Tuesday, December 29, 2009

40, 39, 38... ZIP, ZAP, ZOOM!

40, 39, 38... ZIP, ZAP, ZOOM!
STANDING TOLL
The Hosur Road-Electronics City flyover will be thrown open to the public within the next 40 days, i.e., as soon as the electronic toll collection system is in place
RENUKA PHADNIS


The Hosur Road-Electronics City flyover will be ready for use within the next 40 days. There are two major tasks as yet to be executed. One, the electronic toll collection (ETC) system is not yet in place. Two, a Government of India notification is awaited by the consortium (Soma Constructions, Nagarjuna and Maytas) to permit it to start collecting toll from flyover users. Unless and until the issue of traffic management is sorted out, it cannot be thrown open to the public.
“This is unlike any other project. So even though the flyover is ready, the plazas and the equipment required to collect toll from road users have not yet been installed. Work is going on and it will take a month more to be ready,” said Brigadier Deshpande, an employee working with Bangalore Elevated Tollway Limited, which is the concessionaire (that is, the entity which has got the Build-Operate-Transfer (BOT) project). “So, even though the flyover is ready, the project cannot as yet take off,” he said, referring to the still-inprogress traffic management system. “Right now, the flyover is like a building with walls. Unless its pipes, lights and toilets work, it cannot be used,” he said.
“The toll collection is like a banking transaction — it must work correctly. It is no longer about a chap sitting at the gate and collecting cash. A company is writing a programme for us and that has to be tested,” he said.
The customised software is being executed by an Australian company called Efkon. “But the company is in no way responsible for the state of affairs or the delay,” he said.
“The second reason is that we are waiting for a notification to be issued by the Government of India permitting us to collect toll,” said Brig Deshpande. The notification is expected in a few days,” he said.
OK, BUT WHEN EXACTLY?
“I don’t think I can give an accurate answer. There is no point in giving a date. I don’t want to raise public expectations and then disappoint the people — that is unfair to the public. But we are very near there. It will very likely start within the next 40 days. We are very hopeful that it will start by that time,” said Brig Deshpande.
SOFTWARE CHALLENGES
On Saturday, Brig Deshpande had said that there were hardware and software glitches delaying the ETC. However, on Monday, he denied any such issue. “We are not handicapped when it comes to technology and work is going on in full swing.
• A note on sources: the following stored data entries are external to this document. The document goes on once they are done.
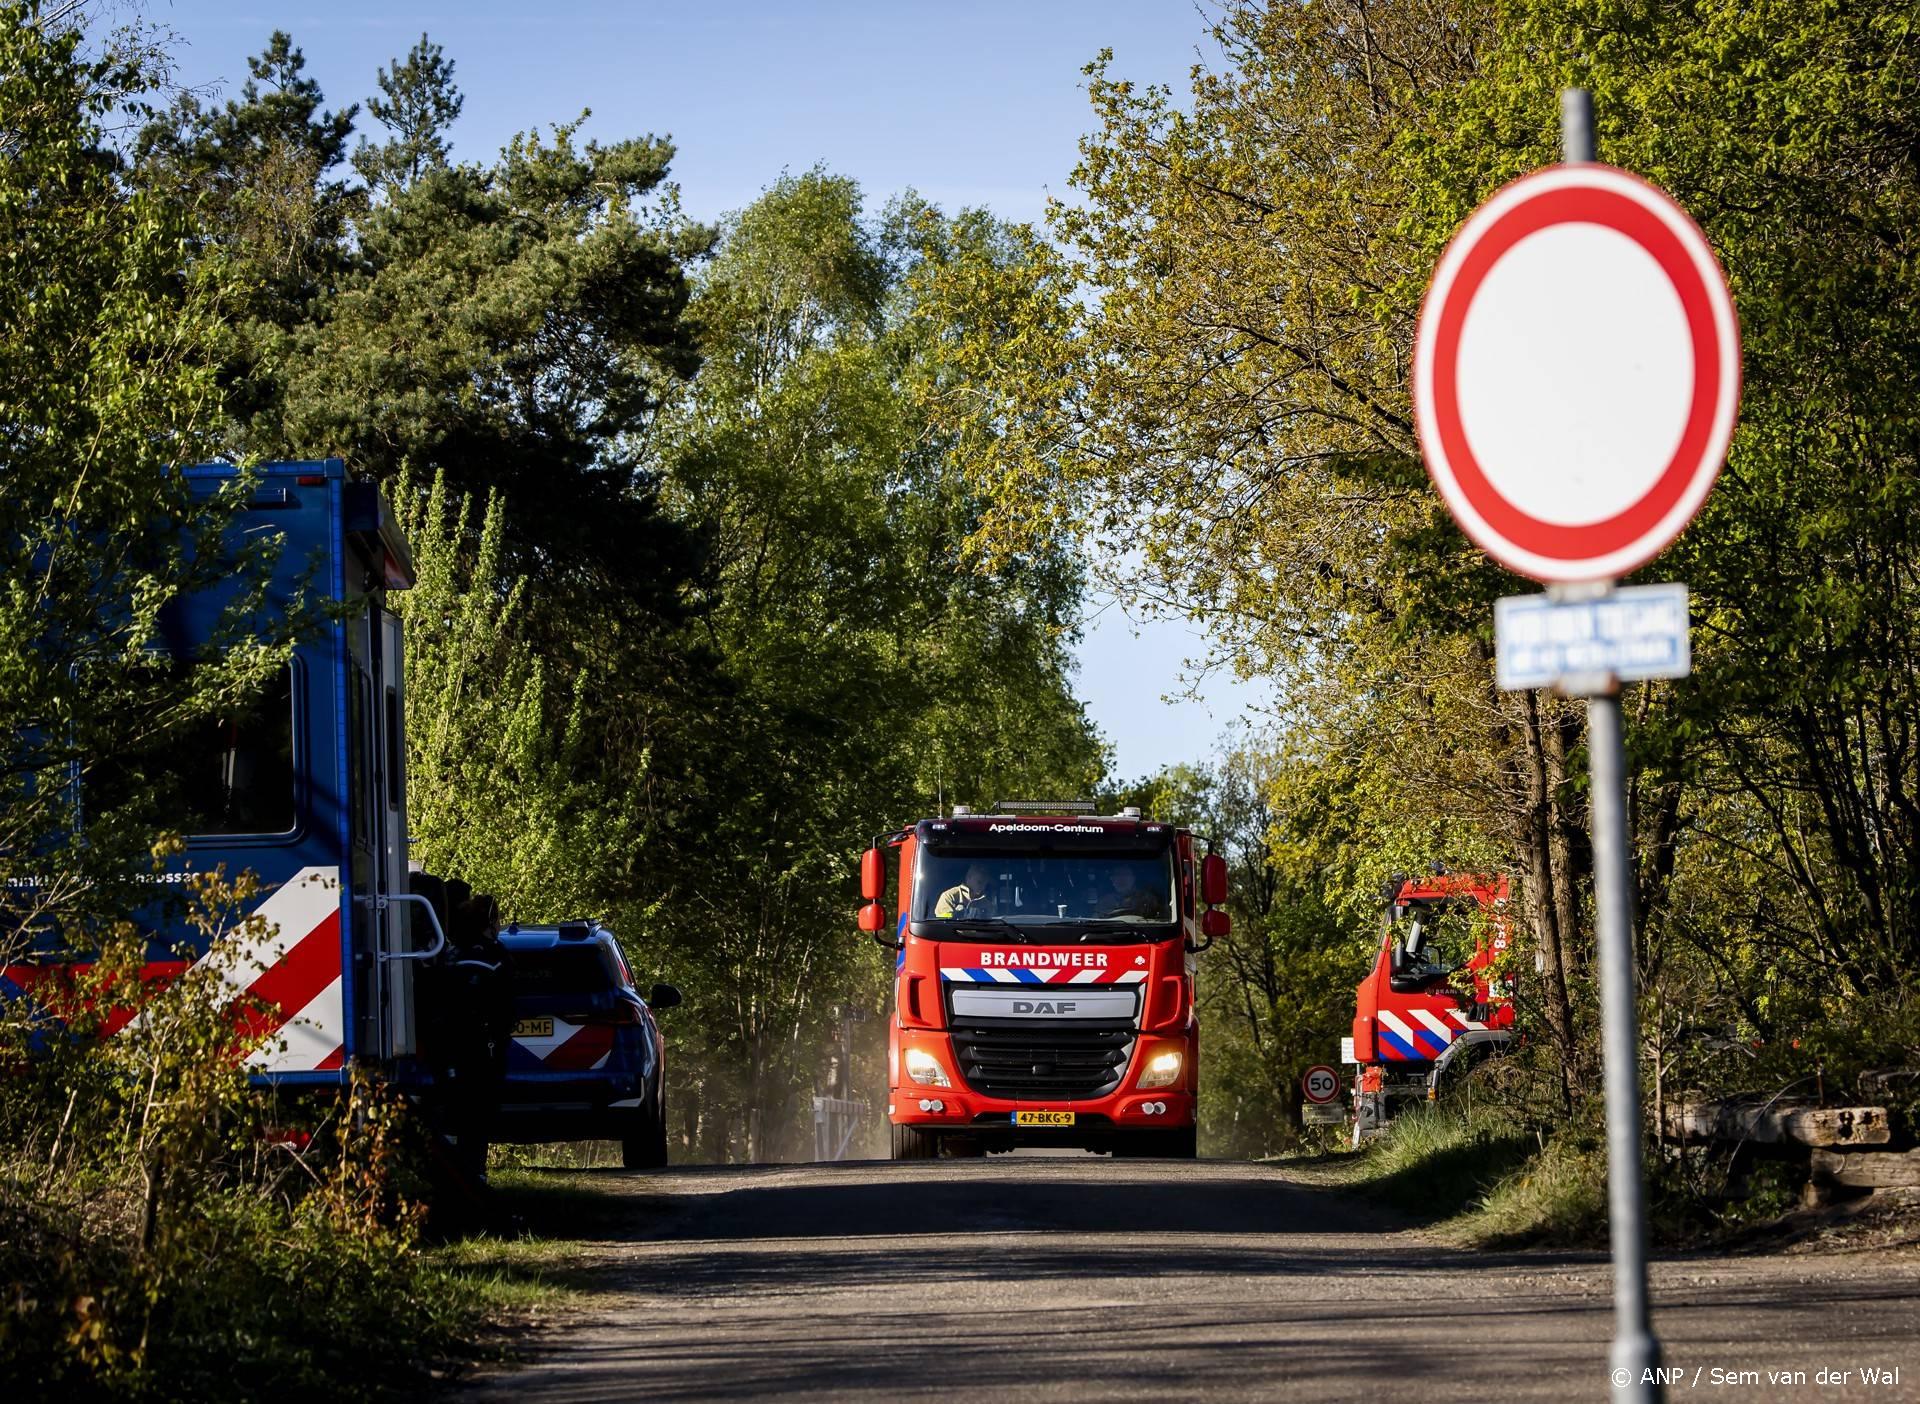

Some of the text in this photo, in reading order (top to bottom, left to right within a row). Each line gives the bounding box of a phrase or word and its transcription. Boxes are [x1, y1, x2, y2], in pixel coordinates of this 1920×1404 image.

[989, 823, 1104, 833] Apeldoorn-Centrum
[980, 952, 1108, 967] BRANDWEER
[1012, 1001, 1076, 1014] DAF
[514, 1021, 552, 1034] 0-MF
[1310, 1077, 1334, 1091] 50
[1020, 1113, 1072, 1123] 47-BKG-9
It is just a difference in public perception and reality (about the flyover). There are nitty-gritties of the project that only the consortium members are aware of (which the public is not aware of),” he said.
CONSORTIUM-ELCIA COMMUNICATION GAP
One reason for the delay in the toll collection work appears to be a lack of information as regards the exact number of users. While the consortium mailed and asked Electronic Cities Industries’ Association (ELCIA) about the exact number of people who will use the elevated roads, there was no response from ELCIA.
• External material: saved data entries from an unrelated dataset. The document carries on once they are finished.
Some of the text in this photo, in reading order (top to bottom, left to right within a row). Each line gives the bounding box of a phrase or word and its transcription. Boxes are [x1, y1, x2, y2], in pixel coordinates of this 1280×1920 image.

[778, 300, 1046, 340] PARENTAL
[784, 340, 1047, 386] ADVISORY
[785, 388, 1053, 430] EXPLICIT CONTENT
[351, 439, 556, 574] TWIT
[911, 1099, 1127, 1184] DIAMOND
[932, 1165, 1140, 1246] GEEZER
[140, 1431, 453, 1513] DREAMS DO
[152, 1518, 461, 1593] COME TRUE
“We are keen to see this project start as we are most affected by it. We asked ELCIA to give us an estimate of the number of probable users but there has been no response from them. I am waiting since the last two months for a reply,” said Brig Deshpande.
He said that ELCIA has been monitoring the project from day one and that he had received several enquires from ELCIA about when the project would start. He said, “They are our target customers. This project is for E-City people and we are surprised that they (ELCIA) do not know how many people will use the road. I think they themselves don’t know the numbers.”
How will knowing the number of users help? In the ETC, the vehicle does not have to stop. There is no exchange of cash at the toll gate. An ‘onboard unit’ is mounted on the vehicle’s windshield and it is read by the scanner. If the unit is valid, the gates open automatically. “These units are expensive and knowing the number of users would have helped us immensely. Anyway, now the project is nearing completion and we no longer need that information,” said Brig Deshpande.
ELCIA CEO Prakash Rao said that it had tried assessing the number of users but got no responses from individual companies. ELCIA had done its own study and the results were handed over to the consortium. “But it is not possible to assess the exact number of users right now. We will get to know the exact number of users only 15 days after the flyover becomes functional,” said Rao.